Researchers used 7 red and 7 black playing cards to randomly assign 14 volunteer males with high blood pressure to one of two diets for four weeks: a fish oil diet and a standard oil diet. These data are the reductions in diastolic blood pressure.

## Example

Did the fish oil decrease BP more than the Regular Oil?

FishOil RegularOil FishOil - RegularOil
6.571 -1.143 7.714

## Randomization Distribution

The randomization distirbution is the distribution of the statistic over all possible assignments of the treatments to the experimental units.

Just like the sampling distribution you can:

• derive it
• approximate it
• simulate it

## Simulating the Randomization Distribution

The usual null hypothesis in randomized experiments: no difference between treatments.
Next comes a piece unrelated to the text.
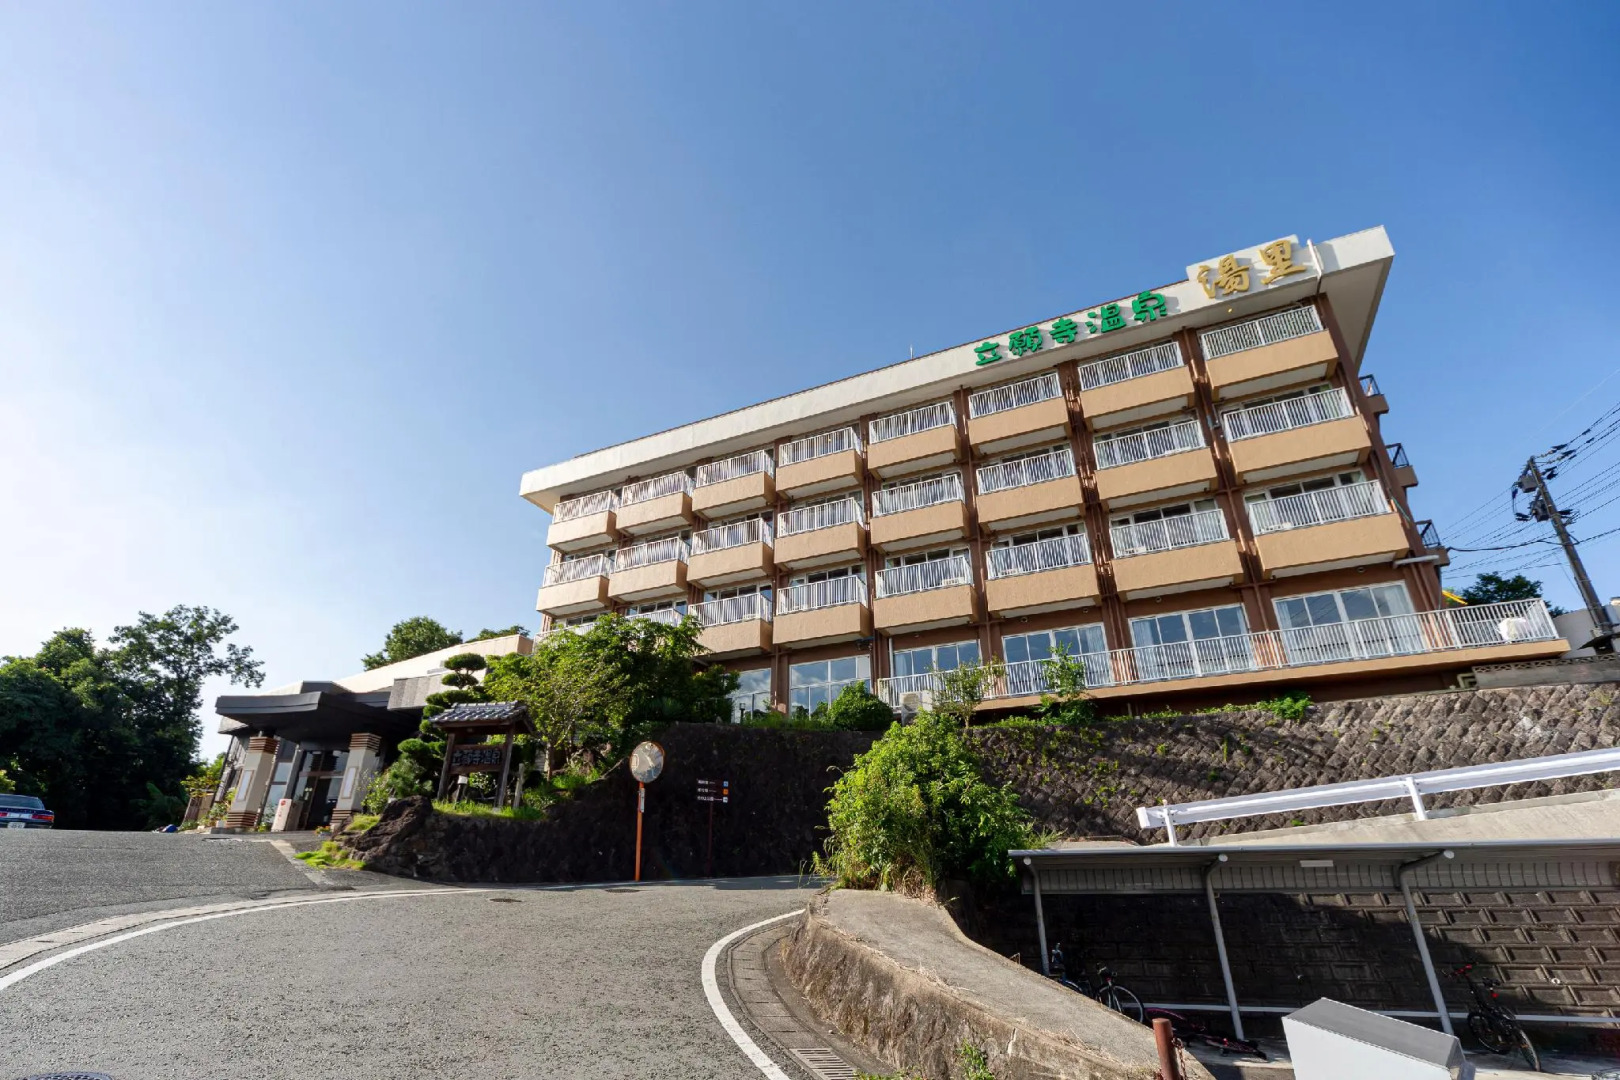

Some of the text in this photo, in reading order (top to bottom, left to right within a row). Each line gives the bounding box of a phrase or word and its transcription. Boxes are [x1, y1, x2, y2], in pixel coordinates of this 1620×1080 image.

[1197, 239, 1307, 299] 湯里
[974, 290, 1168, 366] 立願寺温泉
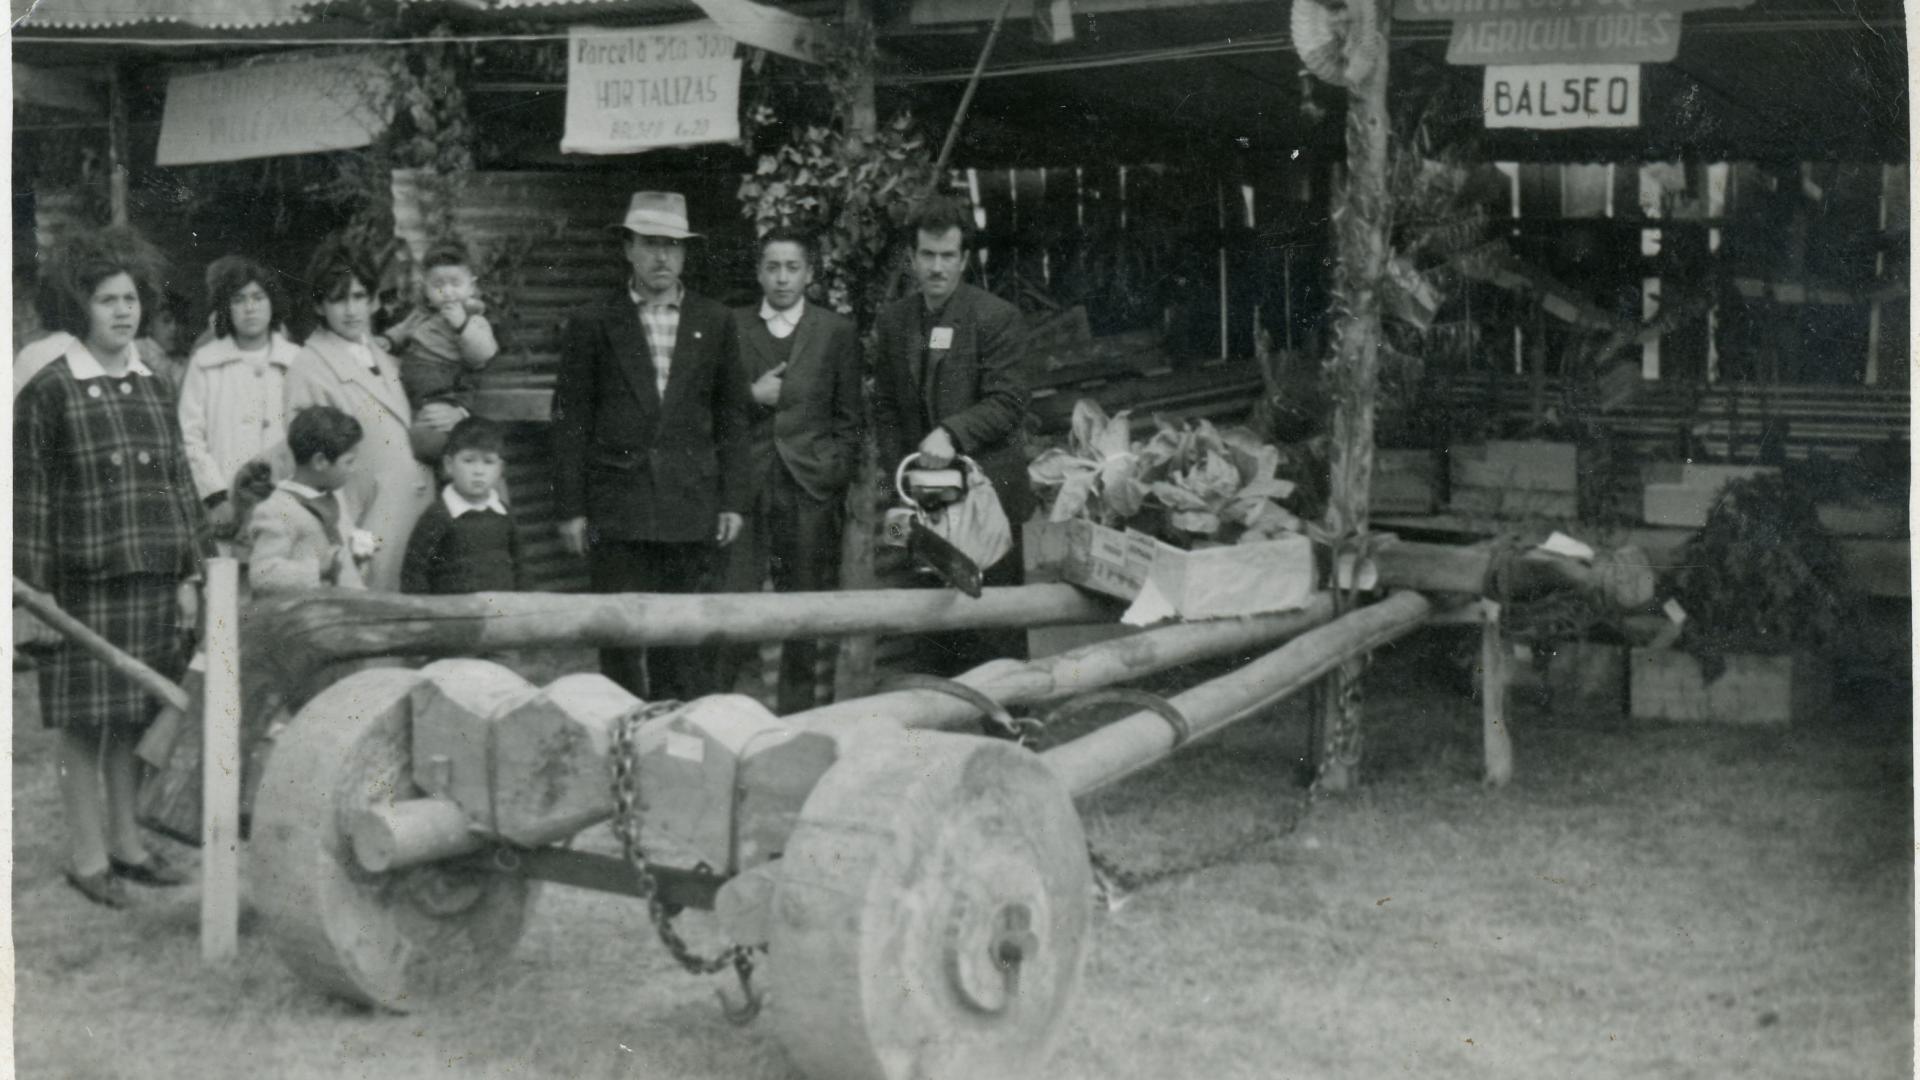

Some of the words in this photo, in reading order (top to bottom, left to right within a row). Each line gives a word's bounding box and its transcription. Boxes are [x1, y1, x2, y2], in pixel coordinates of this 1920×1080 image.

We observe pairs $$(Y_i, T_i)$$ where $$Y_i$$ is observed response, and $$T_i$$ is the treatment applied (let’s say $$T_i = 1 \text{ or } 2$$).

Often an additive model is assumed:

$$Y_i \, | \, (T_i = 2) = Y_i \, | \, (T_i = 1) + \delta$$

Under null $$\delta = 0$$, or if null is true, we observe $$Y_i = y_i$$ regardless of the treatment unit $$i$$ receives.

We only observe one of $$(Y_i, T_i = 1)$$ or $$(Y_i, T_i = 2)$$, but if the null is true, we know what we would observe for person $$i$$ under the other treatment, the same value.

## Example cont.

Null hypothesis: no difference between treatments

BP Diet
8 FishOil
12 FishOil
10 FishOil
14 FishOil
2 FishOil
0 FishOil
0 FishOil
-6 RegularOil
0 RegularOil
1 RegularOil
2 RegularOil
-3 RegularOil
-4 RegularOil
2 RegularOil

## Example cont.

Null hypothesis: no difference between treatments

BP Diet random_1 random_2
8 FishOil RegularOil FishOil
12 FishOil RegularOil FishOil
10 FishOil RegularOil RegularOil
14 FishOil RegularOil FishOil
2 FishOil RegularOil RegularOil
0 FishOil RegularOil RegularOil
0 FishOil FishOil RegularOil
-6 RegularOil RegularOil FishOil
0 RegularOil FishOil RegularOil
1 RegularOil FishOil RegularOil
2 RegularOil FishOil FishOil
-3 RegularOil FishOil FishOil
-4 RegularOil FishOil RegularOil
2 RegularOil FishOil FishOil
## [1] -6.000000  2.857143

## Many permutations

## [1] 0.007

## Randomization test

1. Pick a test statistic
2. Simulate the randomization distribution of the test statistic under all (or many) different assignments of the treatments

Repeat many times:

1. Permuate treatment labels over observed values
2. Recalculate test statistic
3. Compare the observed test statistic to the randomization distribution

## Randomization test: Comments

Exact? Consistent? Depends on the test statistic.

E.g. the test statistic ‘difference in sample medians’ isn’t an exact test for equality of population medians unless we add an additive effect assumption.

Why? Reference distribution is calculated under the asssumption that the values from the two groups are exchangable.

Sometimes used with random sampling studies (often referred to as a permutation test). Pretends population membership is like a random assignment.